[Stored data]
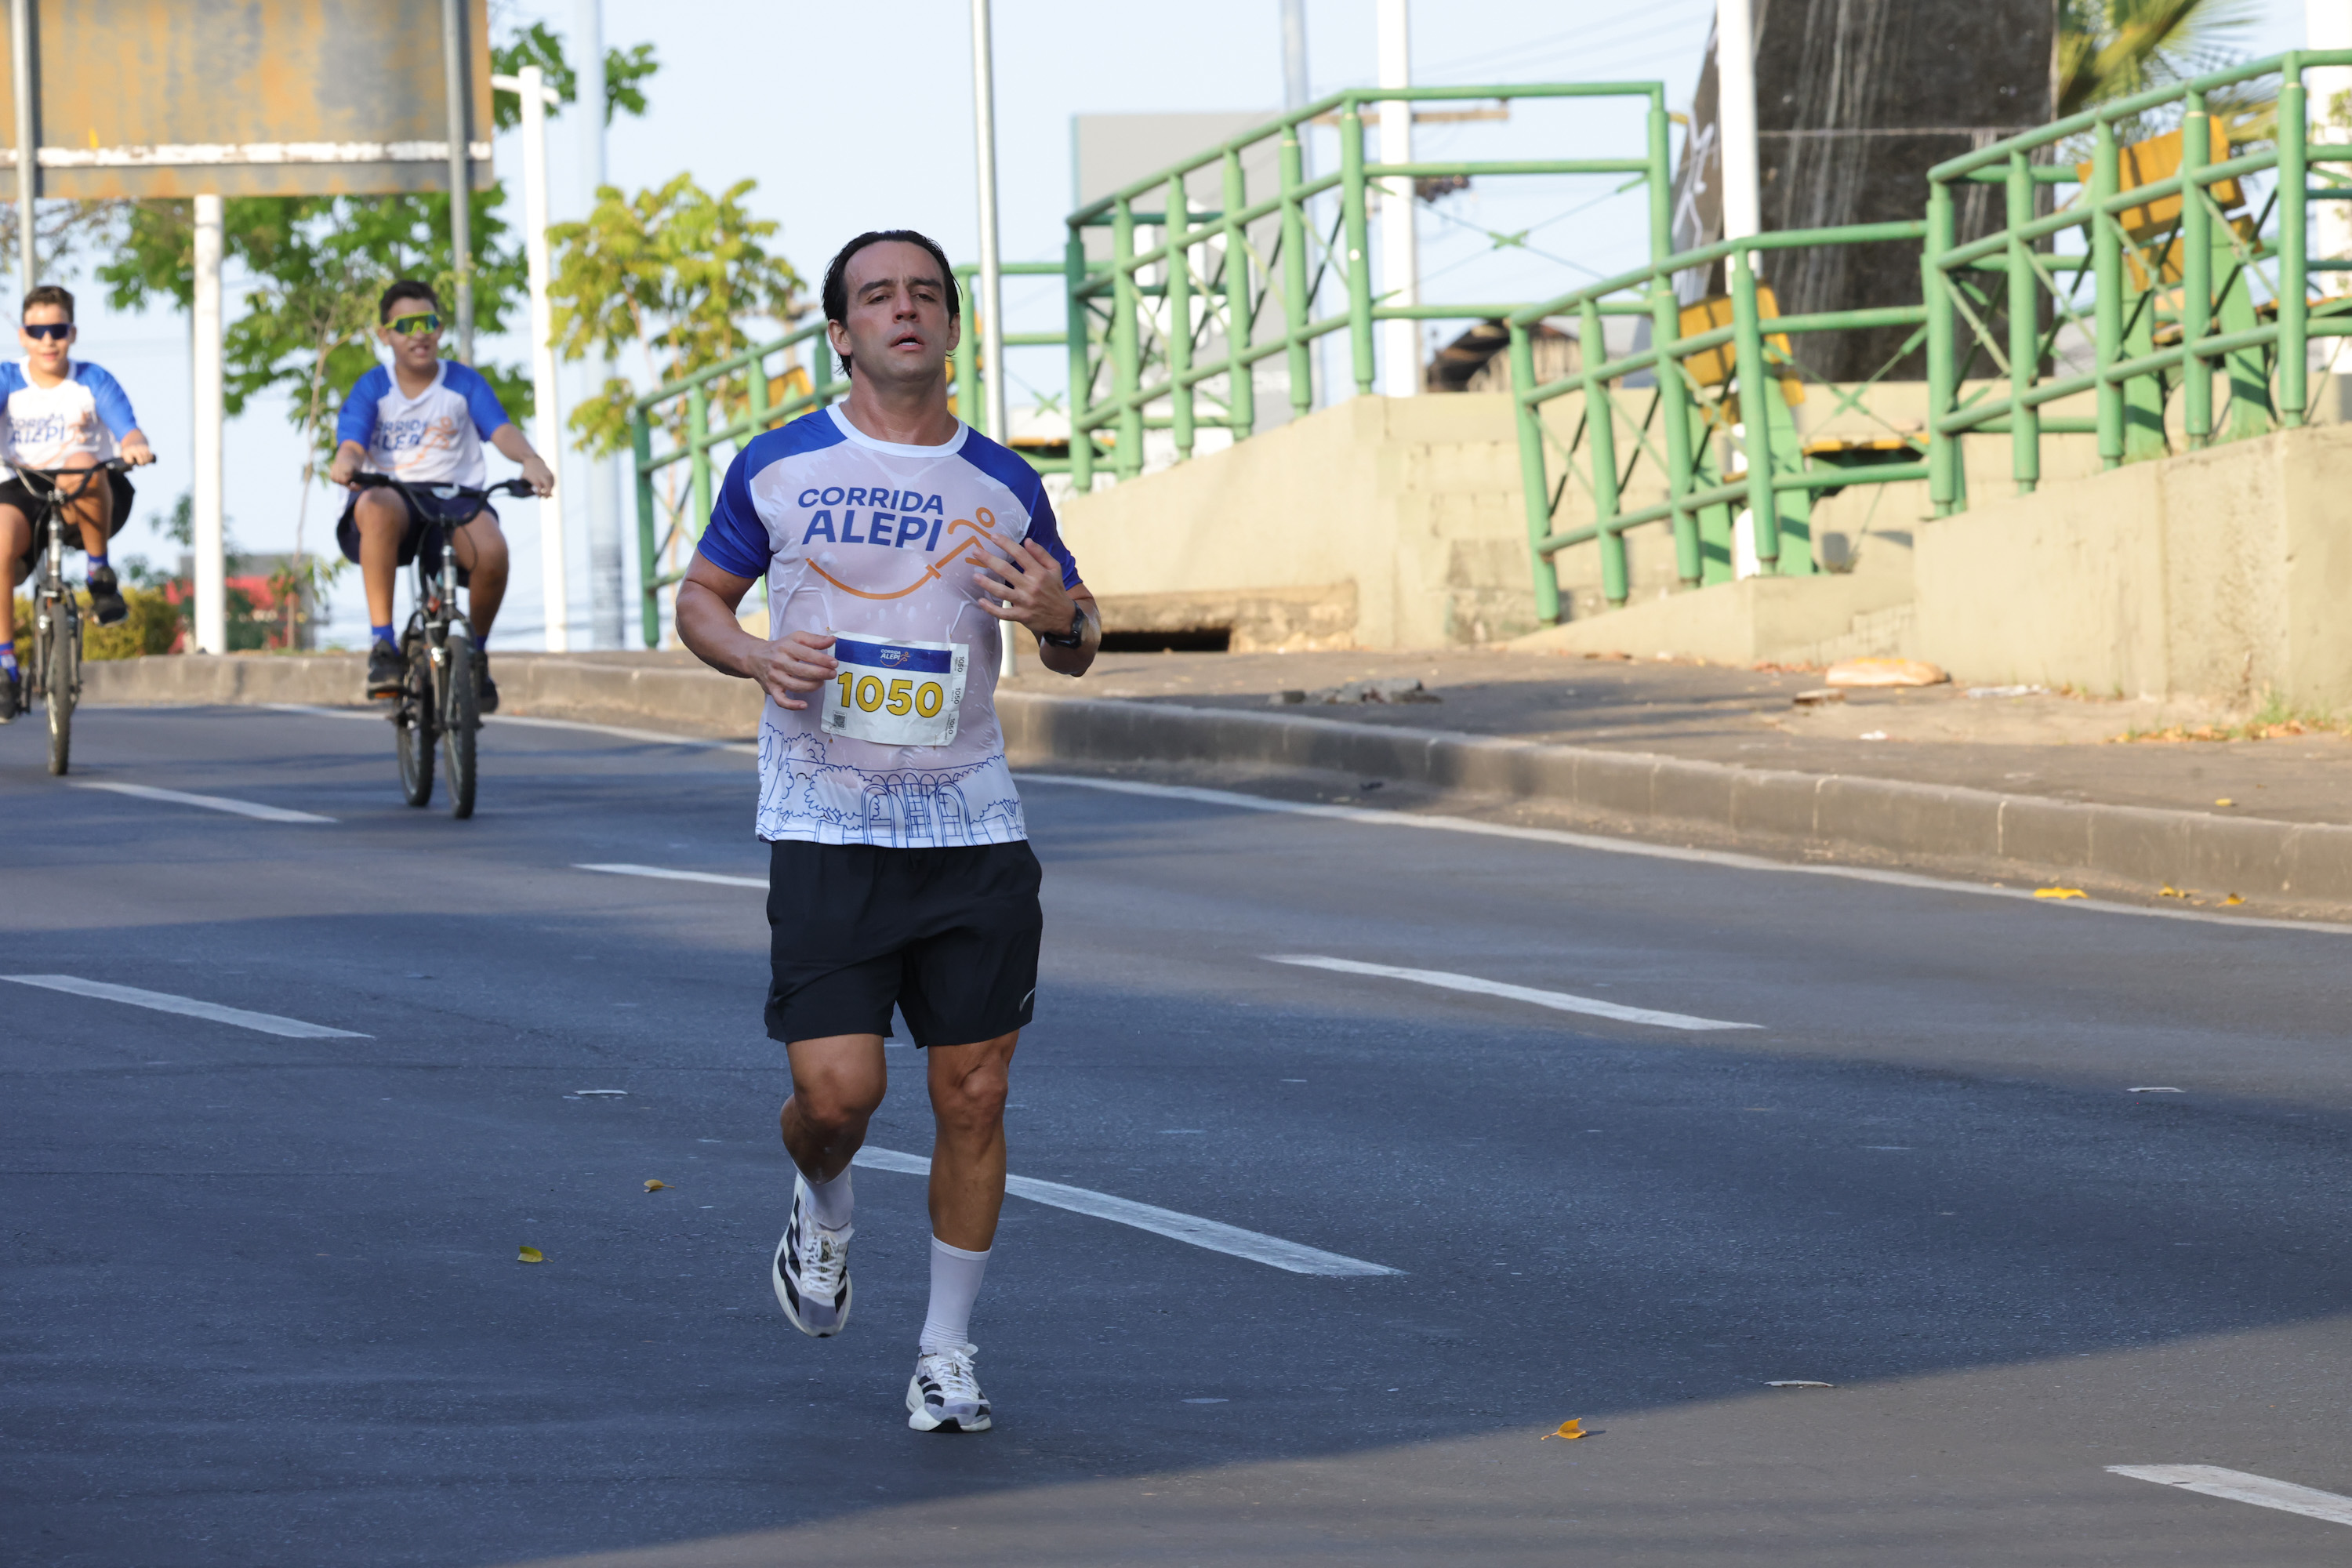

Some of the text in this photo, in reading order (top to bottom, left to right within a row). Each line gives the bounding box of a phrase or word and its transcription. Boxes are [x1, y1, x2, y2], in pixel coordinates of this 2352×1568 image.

[798, 487, 943, 515] CORRIDA
[802, 510, 943, 552] ALEPI
[837, 671, 943, 718] 1050
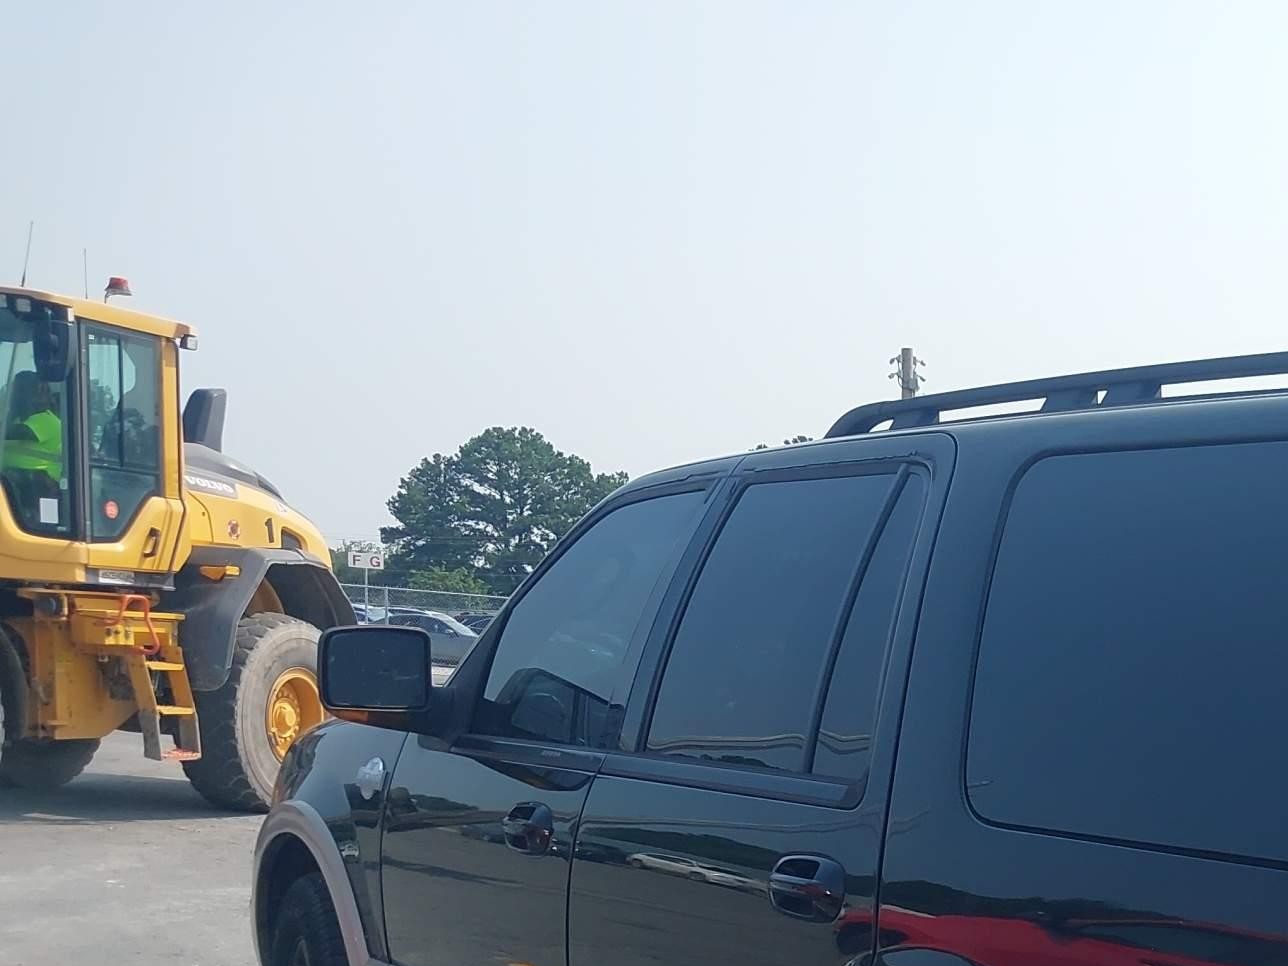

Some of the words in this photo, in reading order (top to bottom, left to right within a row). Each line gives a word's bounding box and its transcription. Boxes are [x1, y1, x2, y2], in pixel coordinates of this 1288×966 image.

[184, 475, 234, 494] VOLVO
[265, 518, 274, 543] 1
[352, 554, 361, 566] F
[370, 556, 381, 568] G
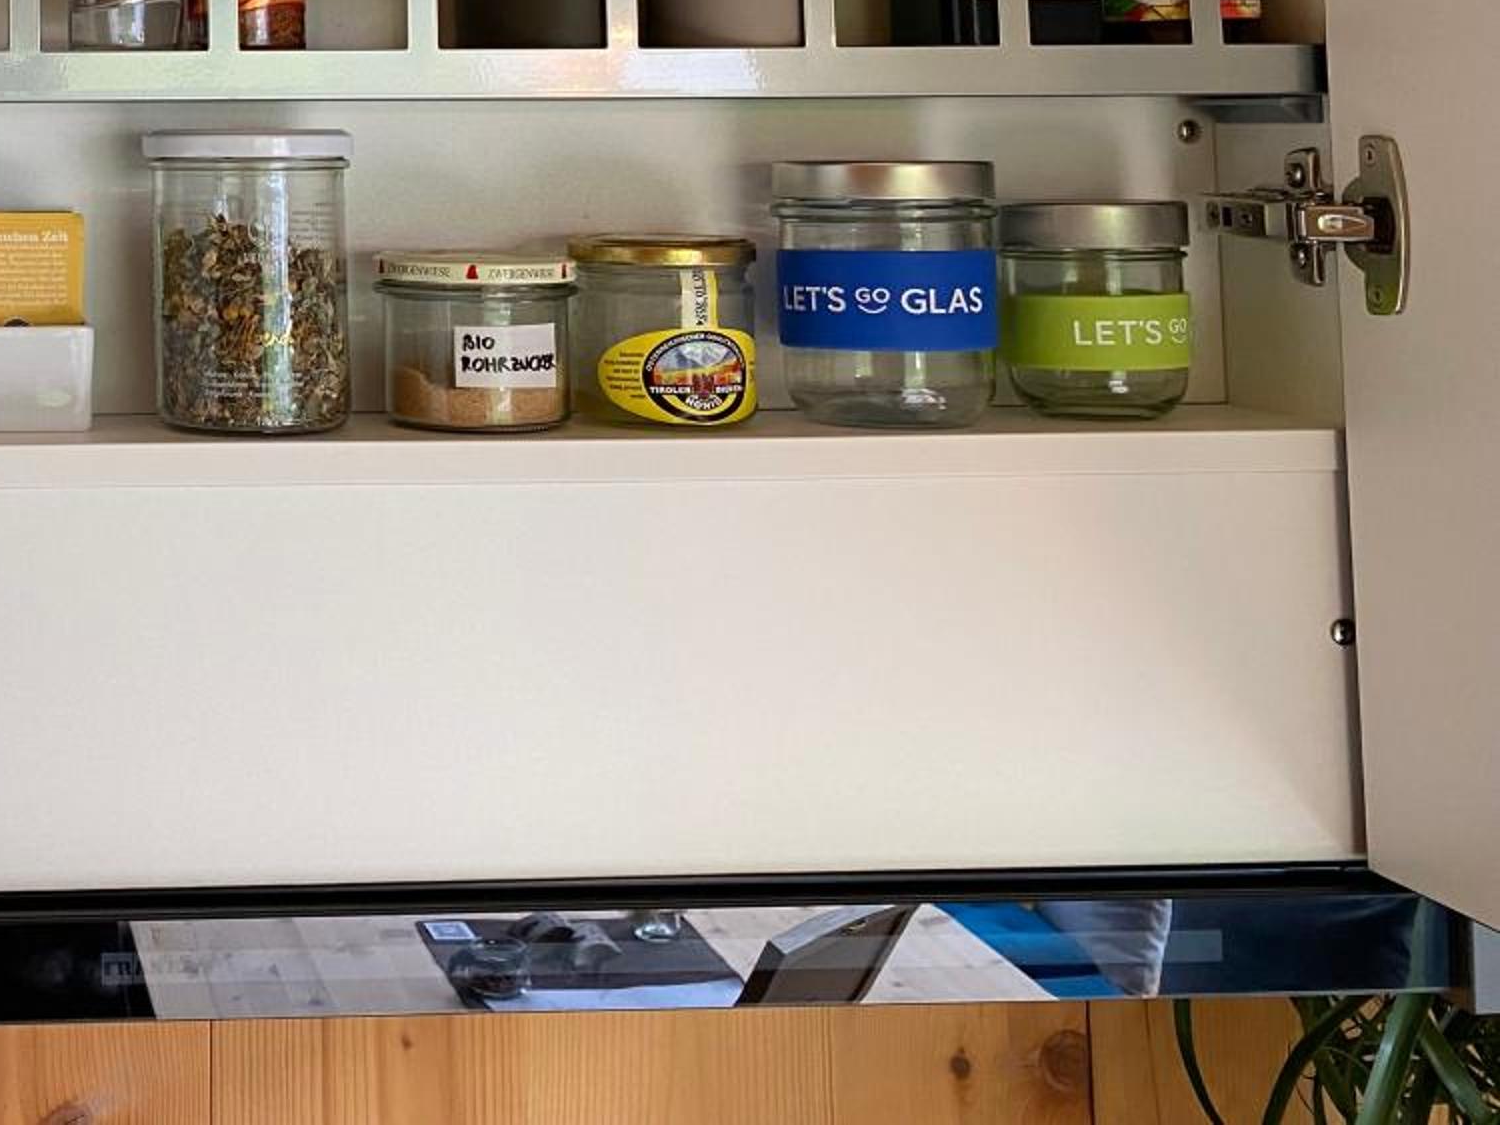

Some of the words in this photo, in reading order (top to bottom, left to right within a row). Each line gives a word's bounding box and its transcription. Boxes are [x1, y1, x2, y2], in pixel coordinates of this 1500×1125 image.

WORK ITEM: What you return should match the records above word for word, minus the pictures.

WRITTEN ANSWER:
Some of the text in this photo, in reading order (top to bottom, left to right within a row). Each line gives the bounding box of a phrase or word and its transcription. Boxes are [x1, y1, x2, y2], in pixel coordinates of this 2352×1568 image.

[798, 487, 943, 515] CORRIDA
[802, 510, 943, 552] ALEPI
[837, 671, 943, 718] 1050

Some of the words in this photo, in reading order (top to bottom, left to right within a row). Each line gives a word's bounding box and its transcription. Boxes are [x1, y1, x2, y2], in pixel coordinates of this 1288×966 image.

[184, 475, 234, 494] VOLVO
[265, 518, 274, 543] 1
[352, 554, 361, 566] F
[370, 556, 381, 568] G

Some of the words in this photo, in reading order (top to bottom, left to right within a row). Each line gives a word's bounding box and its transcription. Boxes are [x1, y1, x2, y2], in pixel coordinates of this 1500×1125 image.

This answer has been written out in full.